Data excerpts

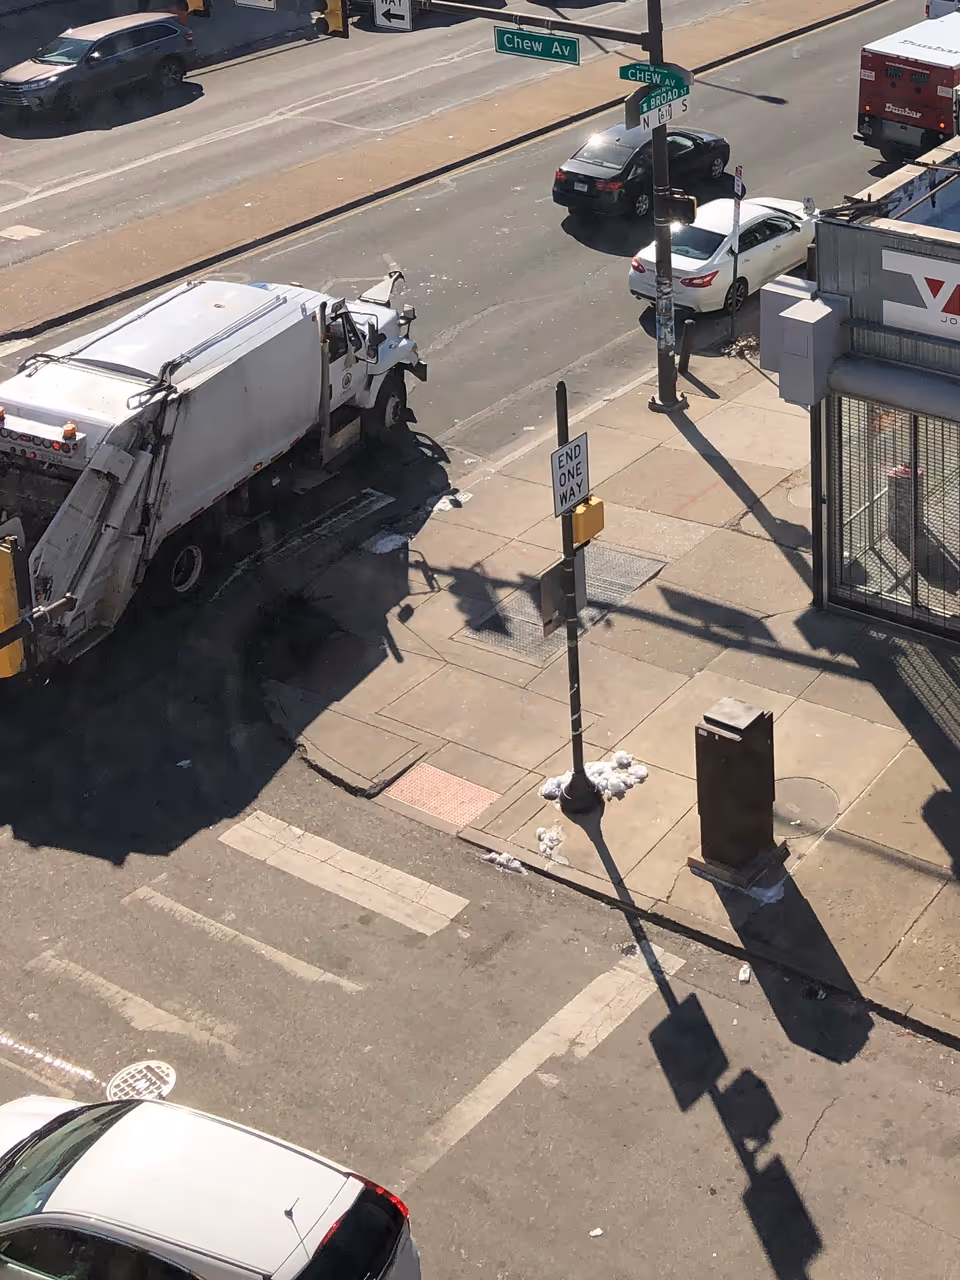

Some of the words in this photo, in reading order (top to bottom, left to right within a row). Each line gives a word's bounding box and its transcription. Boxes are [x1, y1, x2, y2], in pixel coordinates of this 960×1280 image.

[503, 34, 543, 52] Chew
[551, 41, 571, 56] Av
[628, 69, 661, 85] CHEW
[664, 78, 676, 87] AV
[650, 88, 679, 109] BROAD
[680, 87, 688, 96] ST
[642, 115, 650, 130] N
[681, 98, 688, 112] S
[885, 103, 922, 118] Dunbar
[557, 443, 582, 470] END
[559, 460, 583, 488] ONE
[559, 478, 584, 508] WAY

**Task details**
Set down the records above exactly, leaving out pictures.

**Completed exercise**
Some of the words in this photo, in reading order (top to bottom, left to right within a row). Each line gives a word's bounding box and its transcription. Boxes are [x1, y1, x2, y2], in pixel coordinates of this 960×1280 image.

[503, 34, 543, 52] Chew
[551, 41, 571, 56] Av
[628, 69, 661, 85] CHEW
[664, 78, 676, 87] AV
[650, 88, 679, 109] BROAD
[680, 87, 688, 96] ST
[642, 115, 650, 130] N
[681, 98, 688, 112] S
[885, 103, 922, 118] Dunbar
[557, 443, 582, 470] END
[559, 460, 583, 488] ONE
[559, 478, 584, 508] WAY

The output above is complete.